Structure Determination of Disordered Metallic Sub-Monolayers by Helium Scattering: A Theoretical and Experimental Study

TL;DR

This study combines theoretical and experimental helium scattering techniques to determine the atomic structure of disordered silver sub-monolayers on platinum, revealing compact clusters with specific size and shape characteristics.

Contribution

It introduces a novel approach integrating quantum scattering calculations with He scattering data to model disordered metallic surface structures at atomic resolution.

Findings

Clusters are narrowly size-dispersed and compact

Clusters have up to two layers with few defects

He scattering effectively reveals complex surface phases

Abstract

An approach based on He scattering is used to develop an atomic-level structural model for an epitaxially grown disordered sub-monolayer of Ag on Pt(111) at 38K. Quantum scattering calculations are used to fit structural models to the measured angular intensity distribution of He atoms scattered from this system.
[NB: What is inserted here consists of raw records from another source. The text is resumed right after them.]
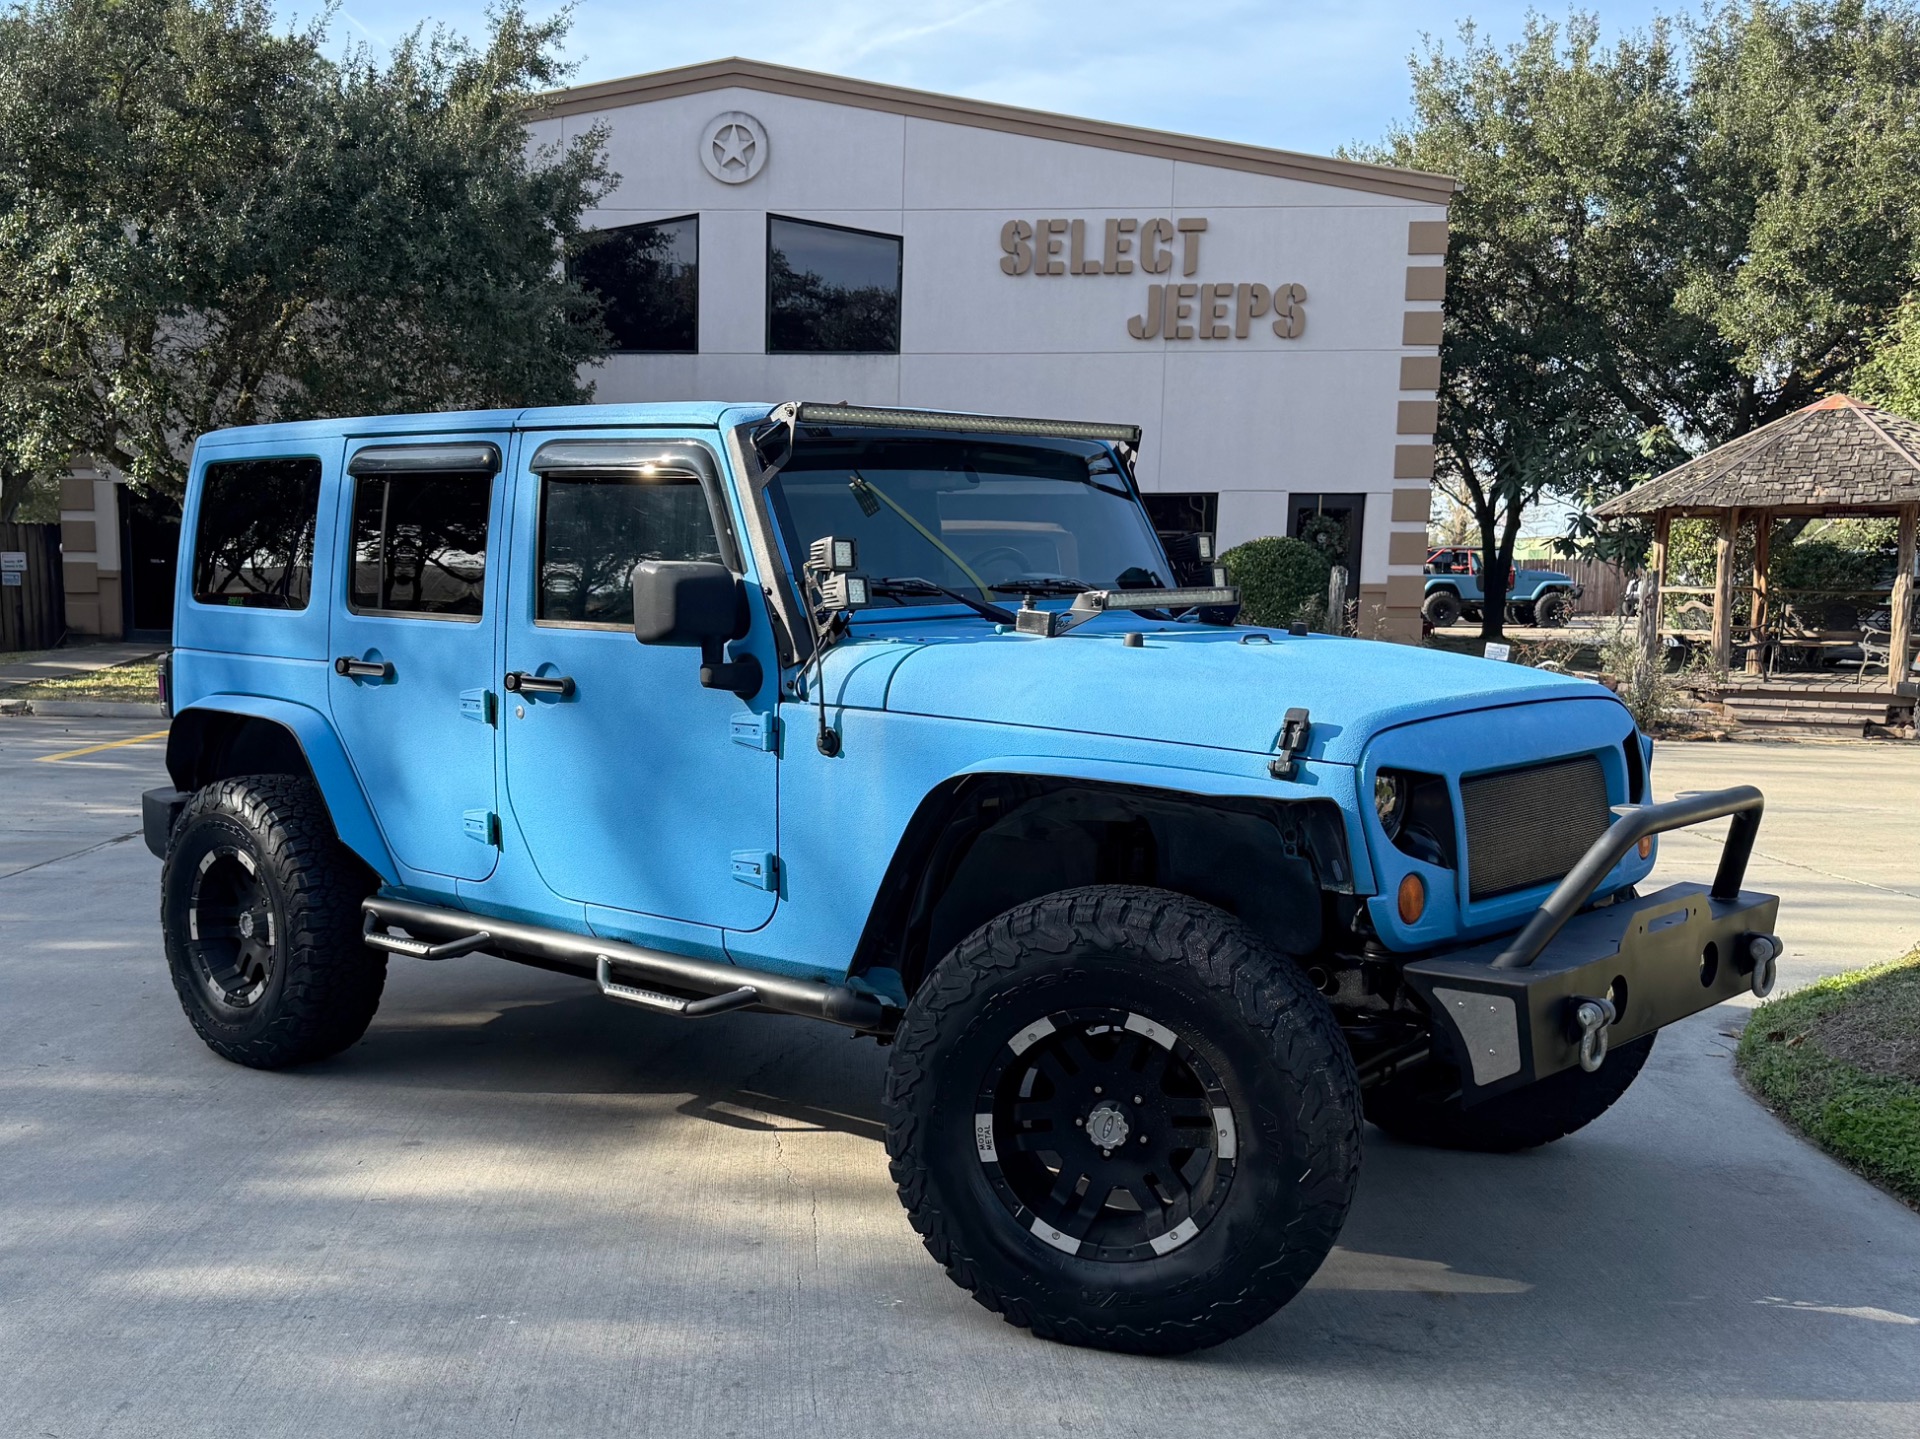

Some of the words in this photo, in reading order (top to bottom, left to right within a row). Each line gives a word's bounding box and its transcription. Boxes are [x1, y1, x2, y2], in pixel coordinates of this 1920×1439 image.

[1000, 218, 1208, 277] SELECT
[1127, 283, 1308, 340] JEEPS
[977, 1127, 986, 1150] MOTO
[984, 1125, 993, 1150] METAL
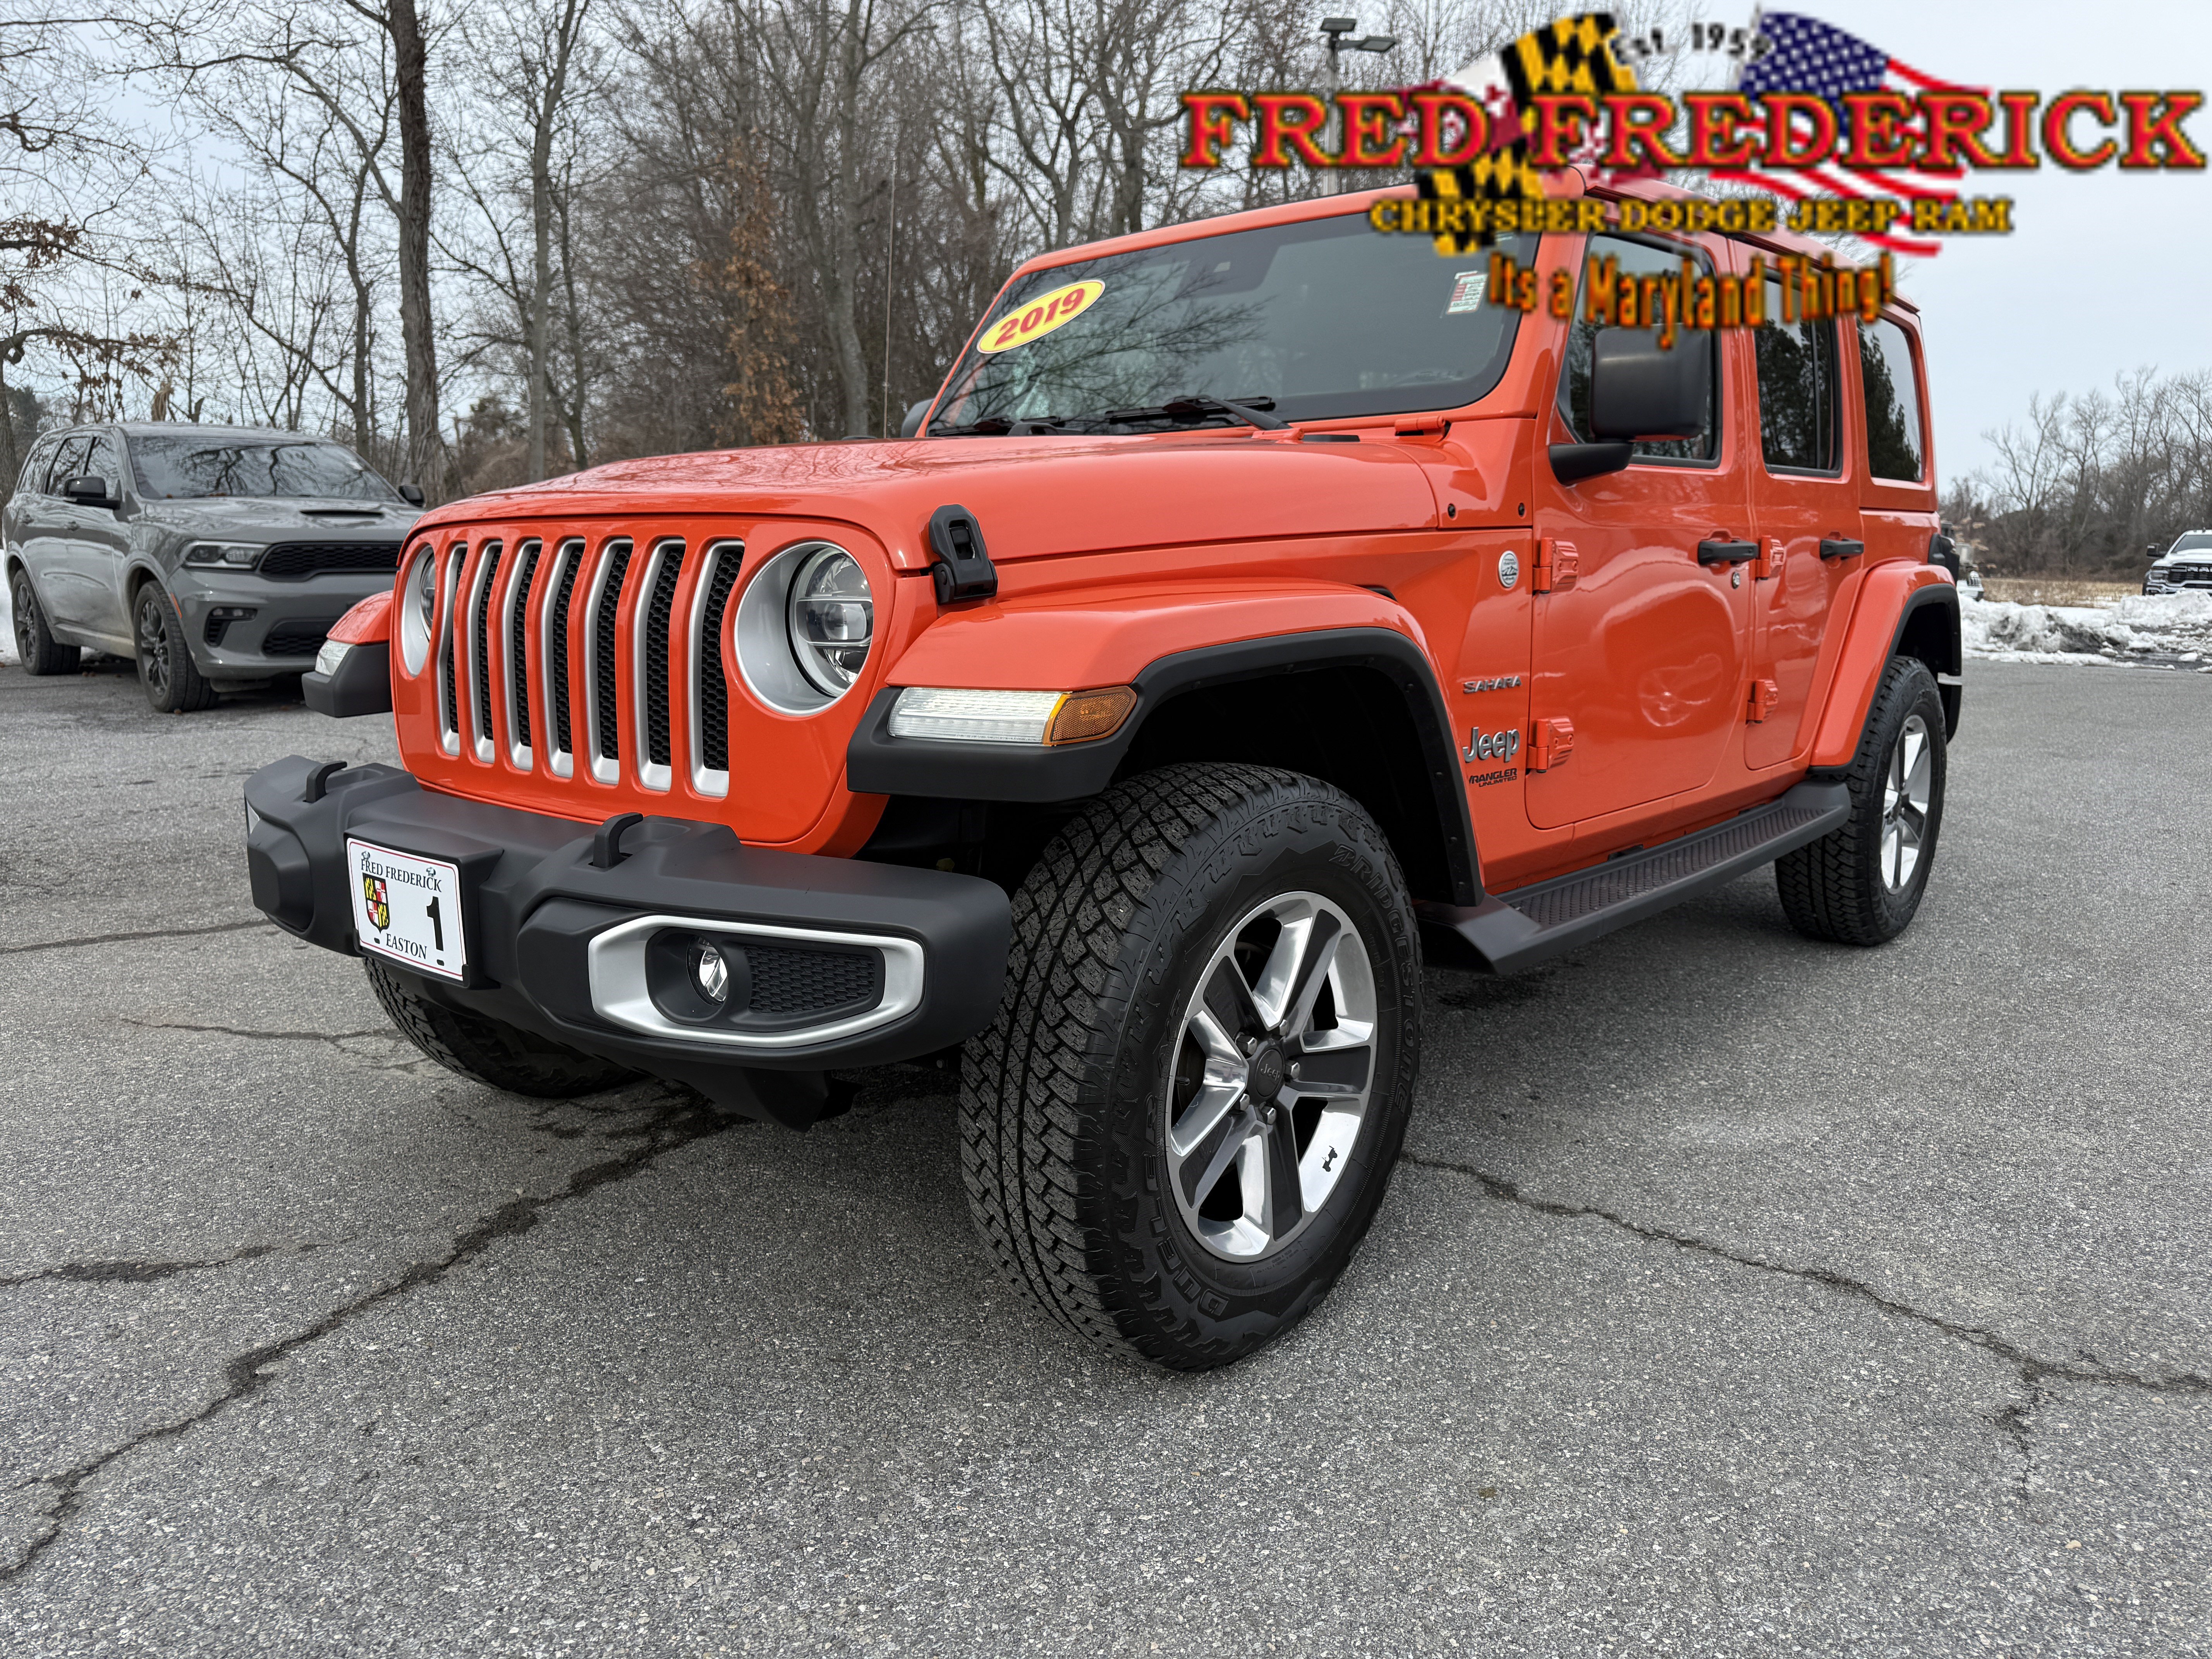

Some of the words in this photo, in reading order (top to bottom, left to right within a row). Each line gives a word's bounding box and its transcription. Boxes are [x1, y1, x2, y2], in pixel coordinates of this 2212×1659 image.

[994, 288, 1085, 349] 2019
[1463, 675, 1522, 694] SAHARA
[1462, 726, 1520, 763] Jeep
[361, 859, 383, 876] FRED
[385, 866, 442, 893] FREDERICK
[426, 896, 444, 951] 1
[386, 933, 428, 960] EASTON
[1329, 844, 1417, 1114] BRIDGESTONE
[1261, 1063, 1280, 1082] Jeep
The structure obtained corresponds to narrowly size-dispersed compact clusters with modest translational disorder, and not to fractals which might be expected due to the low surface temperature. The clusters have up to two layers in height, the lower one having few defects only. The relations between specific features of the angular scattering distribution, and properties such as the cluster sizes and shapes, the inter-cluster distance distribution etc., are discussed. The results demonstrate the usefulness of He scattering as a tool for unraveling new complex surface phases.